We've been on a road trip with Deepika Padukone before. It was cacophonous, it was fun, it made us want to be in the car with the lot of them, even if it meant sitting next to a dead cat. Piku is another road trip, it's also fun, but you know how this one's going to go down; you've been on this ride already. Yet every time you think you know how things are going to go down, they tease you with an adorable alternative, trumping what you just guessed in your head.
Strapped in with her father Bhaskor (Amitabh Bachchan) and Rana, the owner of a taxi company (Irrfan) who gets roped into driving father and daughter from Delhi's Chittaranjan Park to their ancestral home Champakunj in Kolkata, Piku (Padukone) is a young architect on leave to accompany her father on this trip he's insisting on making. A cantankerous man, constantly chiding his eye-rolling but doting daughter for something or the other, we all have to deal with Bhaskor's shit. More literally than we'd sign up for if we'd been warned in advance. Except, unlike Bollywood's usual fascination with toilet humour, this one doesn't make you want to throw out your popcorn or scrunch your face in disgust. The man's old, he's got bowel problems, it's gonna make him cranky; he's like that uncle or grandfather in your family who you love, but frequently want to make shut up. Because he might call you in the middle of a work meeting to ask what medicine you think he should take when the regular stuff isn't working. Or compel you to discuss his bowel movements in detail with the doctor on the phone when you're sitting across the table from your boyfriend on a date. Piku grins and bears it all for the most part. They lost her mother a little while ago and now it's just the two of them. He's grown entirely dependent on her, and a deep-rooted fear of losing his daughter to a husband has him dismissing any talk of marriage the minute it comes up in the house. In his own words, "shaadi without purpose is low IQ" behaviour. Why should a woman devote her life to her husband? She must be independent. Just not of Bhaskor, when it comes to his daughter. The movie touches on the things we all think about — the roles reversing between parents and children when the parents get old, for instance, but it never tries to emotionally manipulate the audience, which is a welcome relief. Similarly with acknowledging that Piku is an urban woman, who's had her share of casual relationships, is not a virgin, Bhskor knows about it, but it's mentioned casually in passing, without needing to make a big deal or larger point about it. These are exactly the kinds of things that make things so relatable to an urban audience.
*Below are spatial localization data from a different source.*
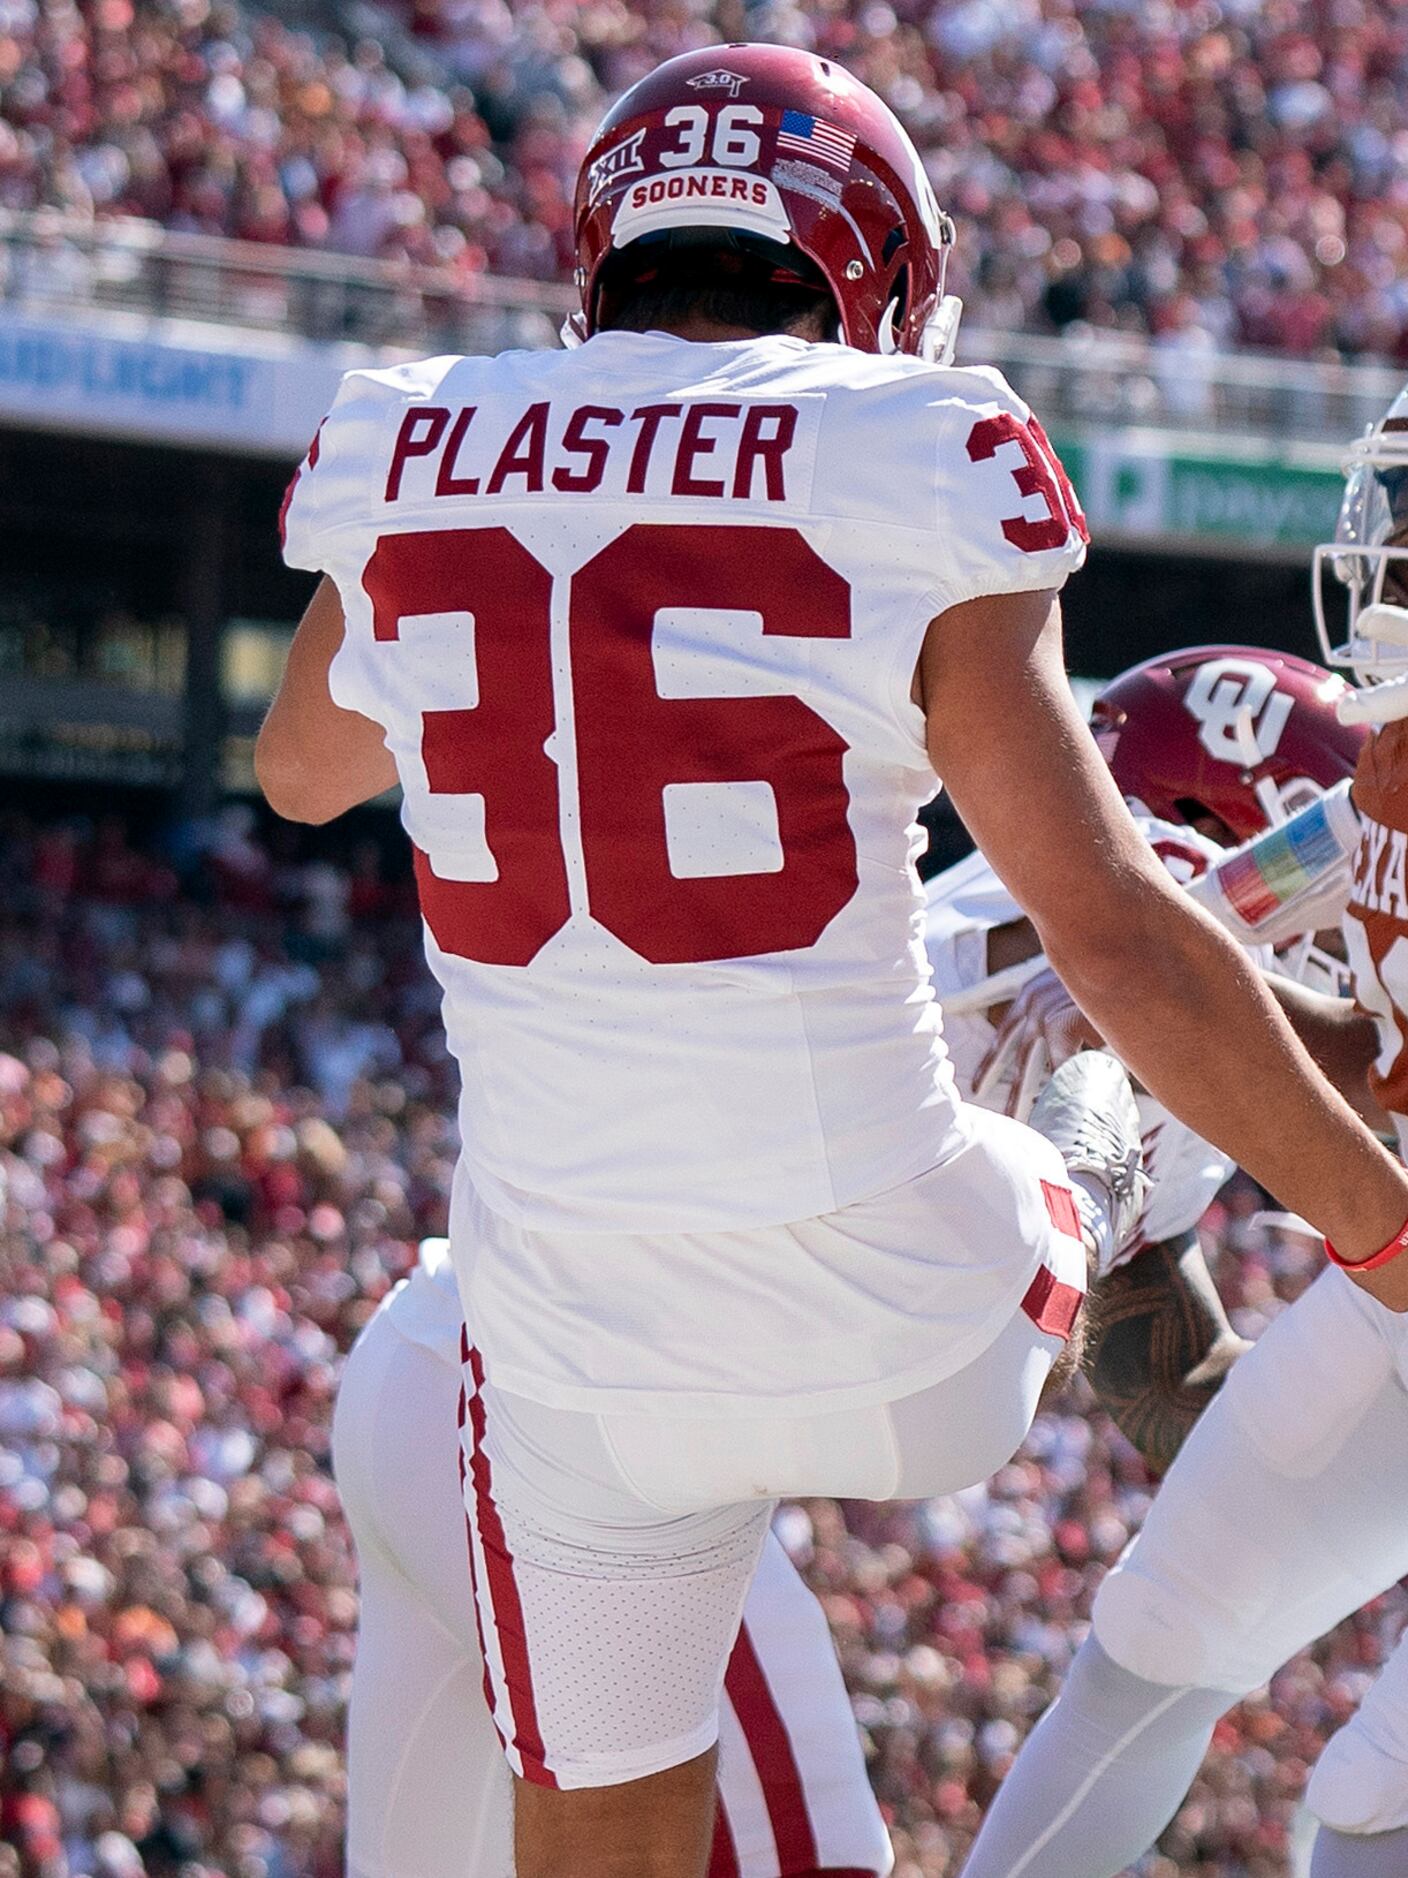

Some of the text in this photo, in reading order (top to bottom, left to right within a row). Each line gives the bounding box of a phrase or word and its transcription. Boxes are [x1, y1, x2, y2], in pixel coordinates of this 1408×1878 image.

[658, 104, 764, 168] 36
[631, 175, 768, 209] SOONERS
[384, 401, 800, 503] PLASTER
[361, 523, 860, 967] 36
[1183, 658, 1296, 767] OU
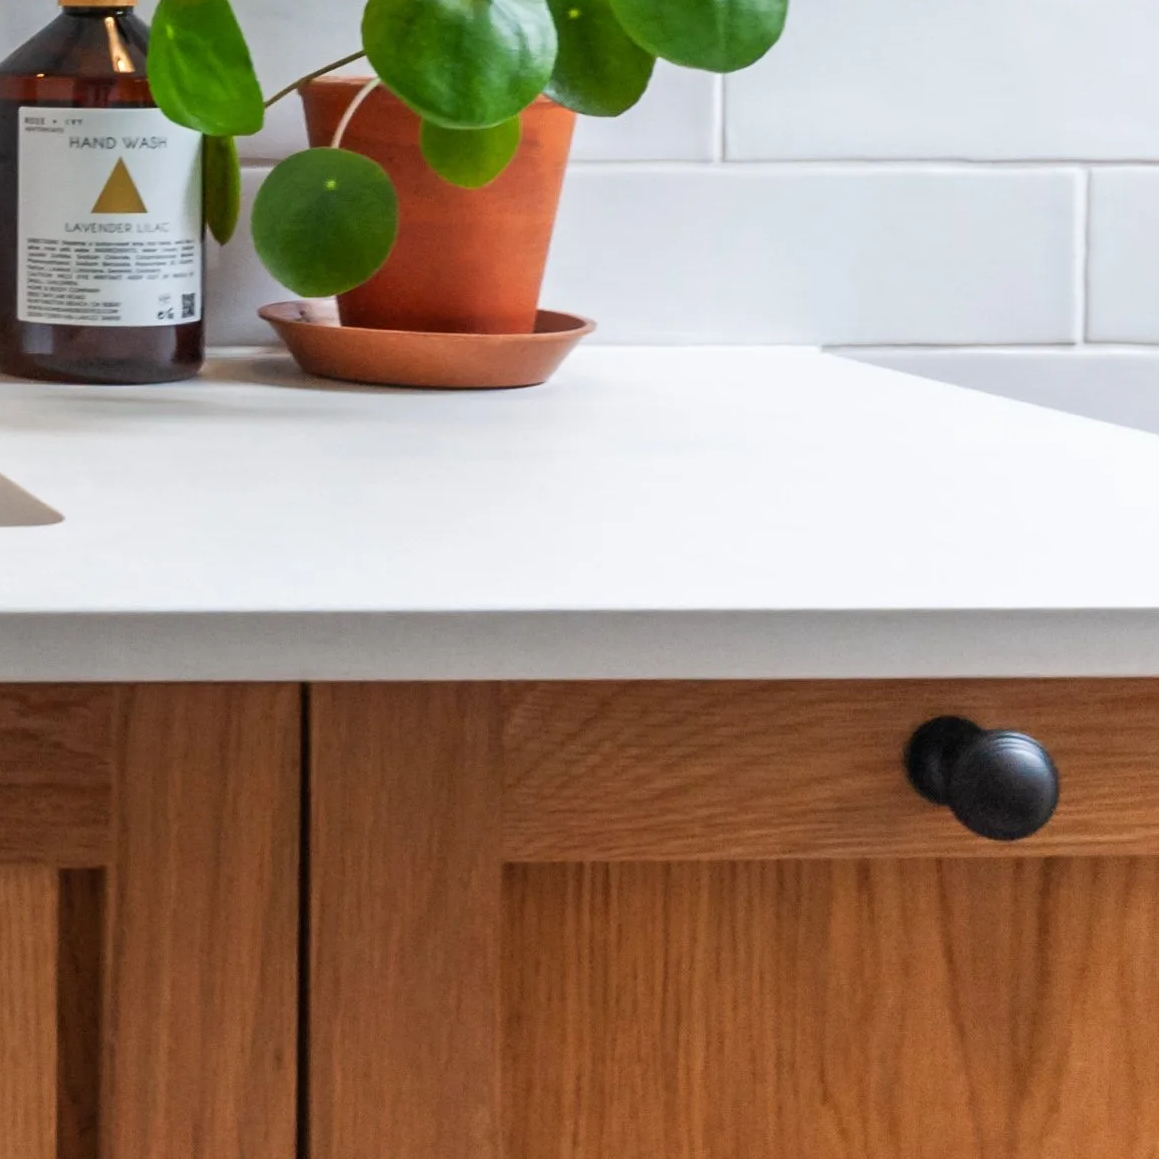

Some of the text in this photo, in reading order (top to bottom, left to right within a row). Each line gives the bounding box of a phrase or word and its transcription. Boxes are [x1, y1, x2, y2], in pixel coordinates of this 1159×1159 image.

[69, 136, 168, 150] HAND WASH
[64, 222, 170, 233] LAVENDER LILAC
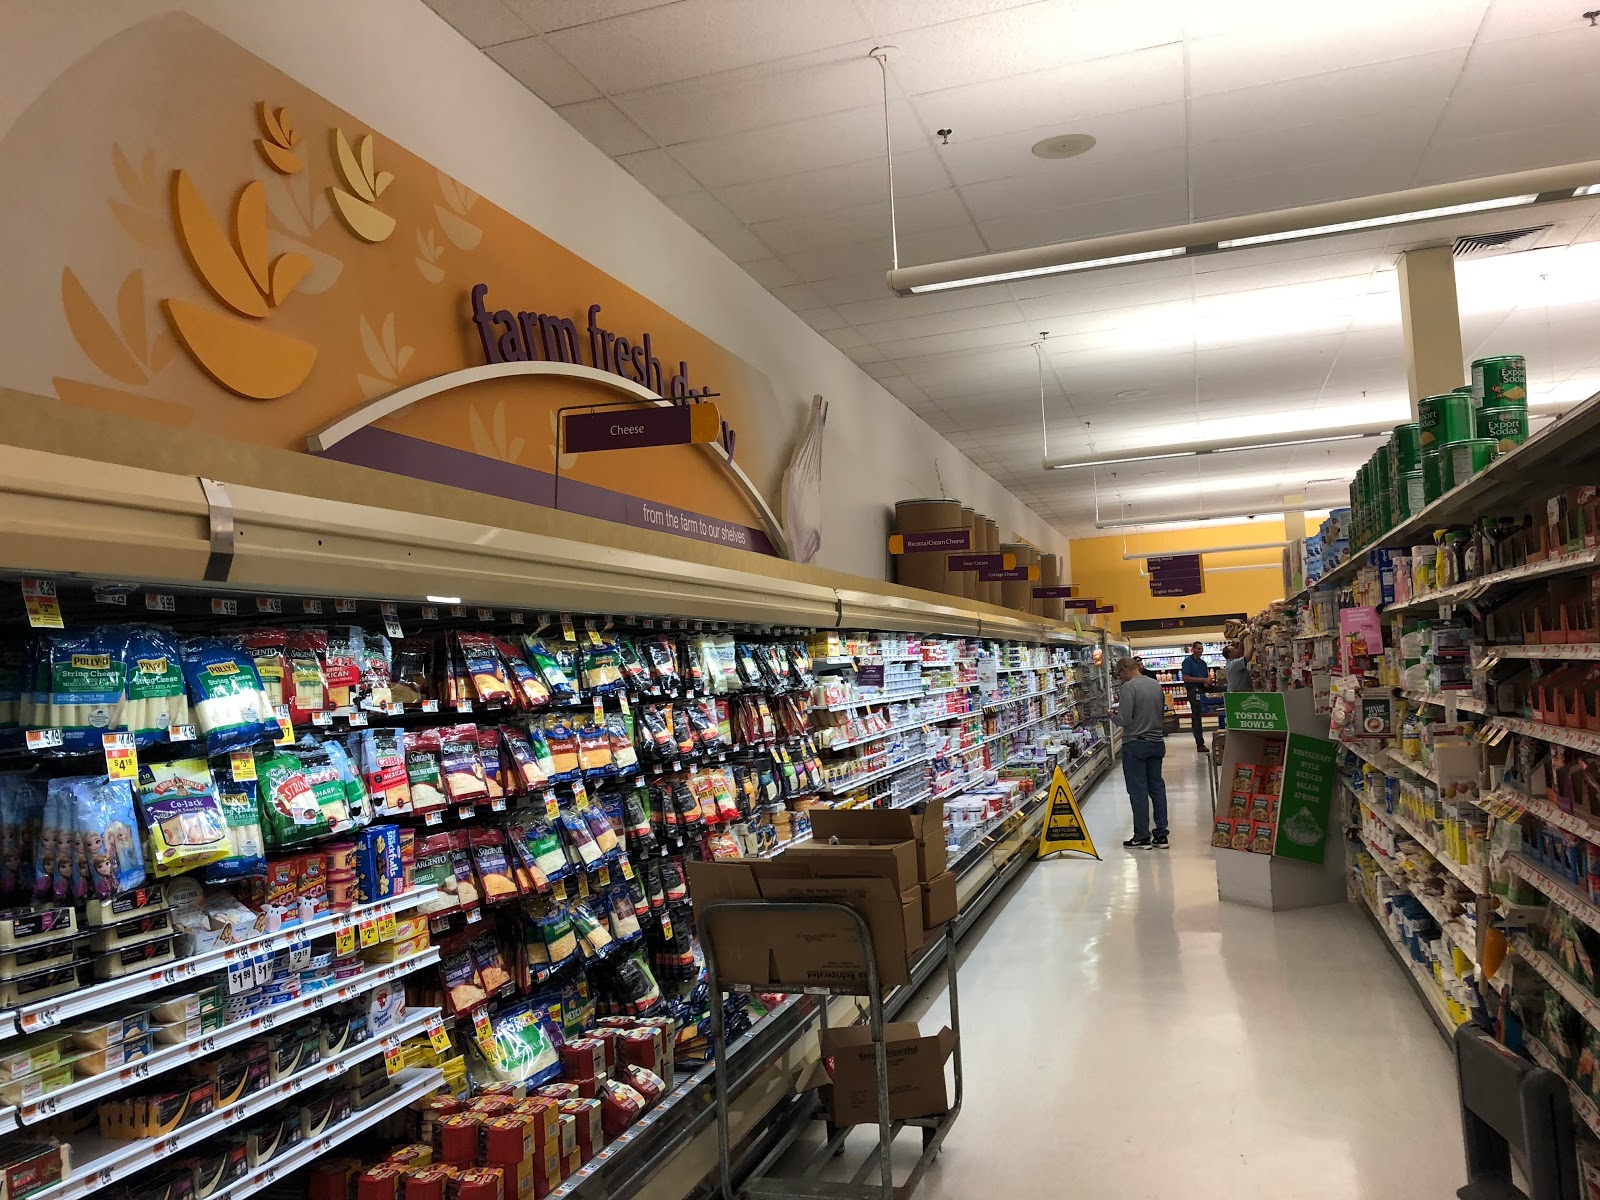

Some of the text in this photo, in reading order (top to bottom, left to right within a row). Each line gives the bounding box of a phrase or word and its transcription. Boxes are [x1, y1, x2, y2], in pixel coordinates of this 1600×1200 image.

[472, 283, 664, 398] farm fresh
[1488, 420, 1519, 430] Export
[610, 425, 645, 436] Cheese
[1489, 428, 1519, 436] Sodas
[643, 503, 746, 544] from the farm to our shelves
[62, 670, 88, 679] String
[325, 671, 349, 679] XICAN
[1234, 711, 1278, 720] TOSTADA
[1240, 721, 1274, 729] BOWLS
[1293, 748, 1331, 762] RESTAURANT
[1301, 761, 1320, 770] STYLE
[1296, 771, 1323, 781] MEXICAN
[1296, 781, 1320, 792] SALADS
[170, 799, 203, 809] Co-Jack
[807, 970, 855, 979] Refrigerated
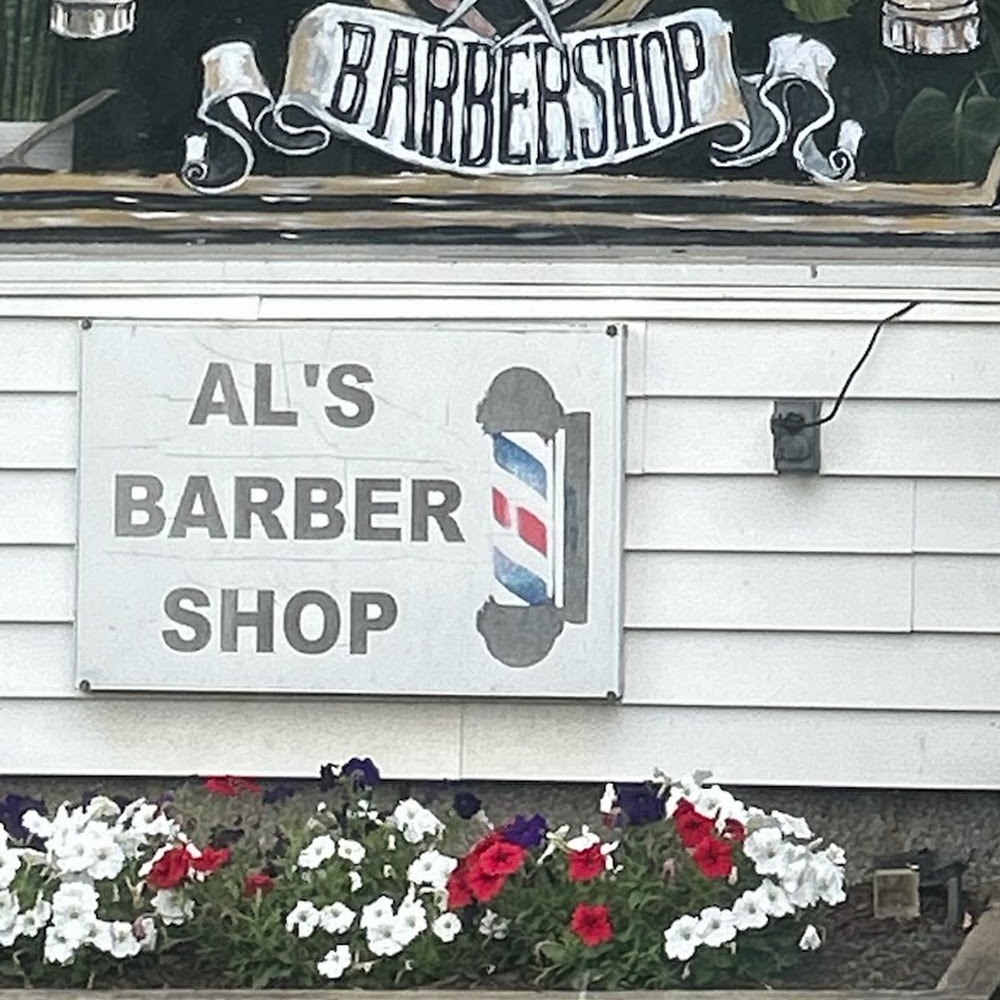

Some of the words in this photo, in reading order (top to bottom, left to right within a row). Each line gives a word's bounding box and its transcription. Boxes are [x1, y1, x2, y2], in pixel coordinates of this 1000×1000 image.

[326, 21, 707, 168] BARBERSHOP
[188, 362, 376, 429] AL'S
[114, 473, 466, 543] BARBER
[161, 587, 399, 655] SHOP
What Bachchan lacks in consistency when it comes to portraying a Bengali, especially a character that demands exaggeration, he evenly makes up for with an otherwise impeccable performance and timing — potty problems aside, a scene in which he takes off on a bicycle, riding all over Kolkata with childlike glee, will make you smile for longer than you expect it to. Padukone, like Irrfan in practically ever role he's ever taken on including this one, slips effortlessly into character, delivering lines with ease and surprising maturity. Irrfan, as is becoming usual, is gorgeous in this film. The trio's warm chemistry combined with the excellent writing, witty dialogues and Shoojit Sircar's direction, this film endears you to it all the way to the finish line, where you're standing rooting for the movie on the whole, grateful for a couple of hours finally well spent.
One of the nicest films of the year so far, it draws your attention to the fine craft of storytelling and of subtlety, and most importantly, of delightful surprises. A definite watch, maybe even a couple of times over.